3.4.2. SARS-CoV-2 and Cardiac Tissue

The presence of the SARS-CoV-2 in cardiac tissue is frequently reported in the post-mortem investigations. An important point in the evaluation of heart tissue concerns the consideration of tissue damage: considering that the subjects who died with/from COVID-19 have more than one comorbidity [10], it is very difficult to establish if the observed lesion is related to the infection or to pre-existing conditions. This thematic is very important, considering that the comorbidities, such as hypertension, can frequently generate tissue damage.
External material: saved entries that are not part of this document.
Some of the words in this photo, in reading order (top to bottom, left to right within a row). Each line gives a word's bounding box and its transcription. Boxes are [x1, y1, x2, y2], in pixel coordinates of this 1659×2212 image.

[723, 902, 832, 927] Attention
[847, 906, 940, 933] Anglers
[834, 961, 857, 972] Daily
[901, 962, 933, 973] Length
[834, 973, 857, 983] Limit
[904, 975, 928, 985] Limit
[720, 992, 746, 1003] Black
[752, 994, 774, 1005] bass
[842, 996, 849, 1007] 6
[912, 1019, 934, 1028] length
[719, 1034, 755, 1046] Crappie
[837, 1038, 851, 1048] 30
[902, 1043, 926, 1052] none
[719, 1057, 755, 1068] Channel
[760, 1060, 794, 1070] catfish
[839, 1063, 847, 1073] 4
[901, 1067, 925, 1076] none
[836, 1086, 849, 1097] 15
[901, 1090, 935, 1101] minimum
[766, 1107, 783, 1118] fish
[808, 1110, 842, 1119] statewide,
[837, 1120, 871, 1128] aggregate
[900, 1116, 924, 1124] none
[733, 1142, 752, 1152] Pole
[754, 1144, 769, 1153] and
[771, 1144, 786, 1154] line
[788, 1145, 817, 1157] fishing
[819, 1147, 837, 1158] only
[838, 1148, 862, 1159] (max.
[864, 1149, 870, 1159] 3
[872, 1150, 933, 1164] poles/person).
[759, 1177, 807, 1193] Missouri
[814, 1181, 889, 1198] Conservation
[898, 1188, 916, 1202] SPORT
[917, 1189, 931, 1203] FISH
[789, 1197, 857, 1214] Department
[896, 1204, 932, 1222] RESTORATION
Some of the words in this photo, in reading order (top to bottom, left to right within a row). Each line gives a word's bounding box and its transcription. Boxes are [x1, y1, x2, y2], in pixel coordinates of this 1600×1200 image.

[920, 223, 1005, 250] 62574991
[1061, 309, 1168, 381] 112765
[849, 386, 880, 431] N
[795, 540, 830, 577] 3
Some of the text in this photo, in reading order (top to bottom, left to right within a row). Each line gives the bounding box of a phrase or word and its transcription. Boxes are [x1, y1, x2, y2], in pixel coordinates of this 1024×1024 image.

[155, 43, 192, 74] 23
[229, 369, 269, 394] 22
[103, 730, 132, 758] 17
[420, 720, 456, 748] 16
At the gross examination, the heart showed increased size and weight, hypertrophy, and dilation of the left and right atria and ventricles. The myocardium appeared pale and flaccid, and the endocardium showed punctuated petechial hemorrhages [81]. Considering the high prevalence of subjects with comorbidities such as hypertension, in the post-mortem examination, left ventricular hypertrophy, dilated cardiomyopathy, and hypertrophic cardiomyopathy were commonly described [100,121]. A variable pattern of cardiomyocyte injury was consistently observed, ranging from the absence of cell death and subcellular changes to intracellular edema and sarcomere disruption [76]. Moreover, in different reports, lymphocytic viral myocarditis was reported, and these findings were morphologically and immunohistochemically confirmed in the post-mortem investigation. In several cases, myocarditis was described in COVID-19 patients—it developed in the presence of coronary artery disease and may be concurrent with lymphocytic endo-pericarditis [61,92,105]. At the level of the myocardium, thrombosis, microhemorrhages, and interstitial edema have frequently been shown [50,89]. It is important to highlight that fulminant myocarditis may be found in cases of quick exitus for COVID-19 patients [95,112,113]. Moreover, in a multicenter study focusing on cardiac tissue, Basso et al. [87] reported macrophage infiltration in many cases; nevertheless, they concluded that this condition may be related to underlying diseases rather than COVID-19.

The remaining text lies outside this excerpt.